Jun, apa lagi yang kau inginkan dari diriku? Tidak puaskah kau telah menyakitiku? Kenangan masa lalu seakan muncul kembali ke permukaan. Aku sungguh tidak menginginkan ini terjadi. Tapi, tak kupungkiri aku masih menyimpan rasa terhadapnya.

Kami pergi ke suatu restauran yang begitu asri dan indah pemandangannya. Aku tidak tau tempat apa ini. Aku tidak tau kemana ia membawaku. Yang aku tau sekarang aku berada di sebuah daerah pegunungan. Sudah 3 tahun aku tidak bertemu dengannya semenjak kelas 1 SMA karena aku meminta pada mamaku untuk pindah sekolah, dan selama itu juga aku bisa lihat penampilannya berubah dari yang dahulu.

Sekarang ia terlihat lebih tinggi dan rambut spikenya kini berubah dengan poni menyamping yang menutupi sebagian keningnya. Tidak salah kalau aku pernah jatuh cinta padanya, meskipun ia hanya mempermainkanku tetapi aku tidak menyesal.

“mm.. Fio, apa kau masih memendam kebencian padaku?” tuturnya membuka pembicaraan di tengah kesunyian kami.

“hanya saat kau mengatakan bahwa kau menyukai kakakku.. hanya saat itu aku membencimu..” ucapku tanpa menatapnya dan melemparkan pandangannku pada pegunungan yang diselimuti kabut tebal.

“aku datang menemuimu karna aku ingin mengatakan suatu hal yang dulu tidak sempat aku sampaikan..” wajahnya nampak pucat pasih karna gugup.
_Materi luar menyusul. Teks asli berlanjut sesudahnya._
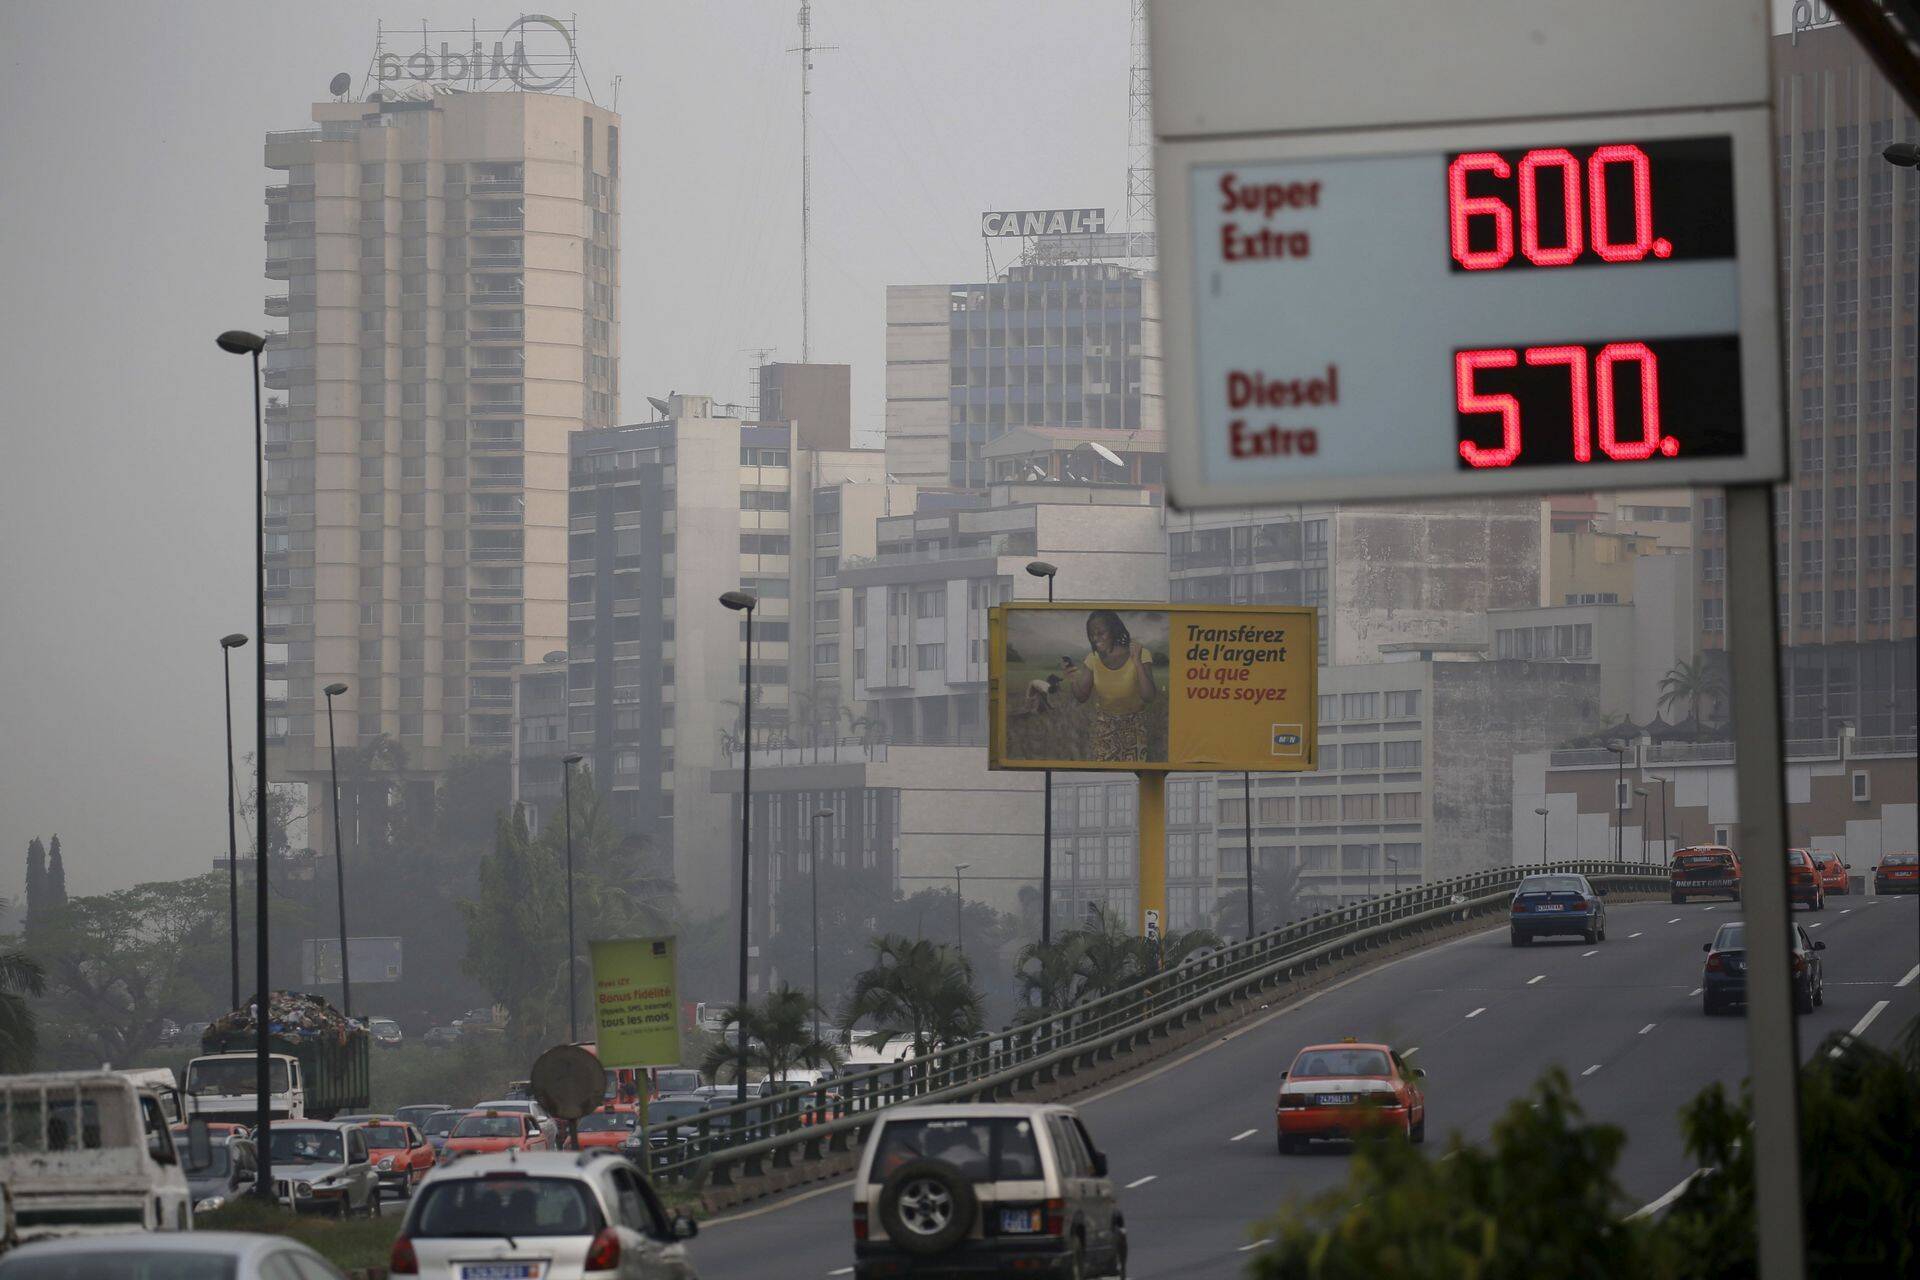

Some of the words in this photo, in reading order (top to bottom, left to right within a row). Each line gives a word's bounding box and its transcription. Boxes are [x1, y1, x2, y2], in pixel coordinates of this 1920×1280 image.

Jun menelan ludahnya dan berusaha memandangku.

“setelah aku menyatakan perasaanku pada kakakmu, ia menolakku. Dan ketika itu aku sadar bahwa aku benar-benar menyukaimu. Dulu aku tidak bersyukur telah mendapatkan wanita sepertimu. Karena itu, sekarang... aku sungguh minta maaf kepadamu Fi, aku ingin kau kembali menjadi wanita-ku.” Ia menatapku dengan wajah memelas dan kening yang berkerut sedih.

Aku tidak peduli lagi. Aku sudah melupakannya. Aku meninggalkan Jun dari tempat makan itu. Aku tidak tahan mendengar kata-katanya. Aku ingin bersama dengannya, tapi entah mengapa ada sesuatu yang mendorongku untuk tidak menerimanya lagi.
###

Sepanjang malam aku hanya berbaring di atas tempat tidur dan membenamkan wajahku ke dalam bantal. Aku terus mengingat-ingat pria itu. Bukan Jun, tetapi pria yang ada di kamar praktek kakakku. Tapi sepertinya pria itu kenal dekat dengan kak Priscil? Karena hanya orang-orang tertentu saja yang memanggilnya dengan sebutan “Silla”. Yaa...mungkin itu pacarnya? Gumamku.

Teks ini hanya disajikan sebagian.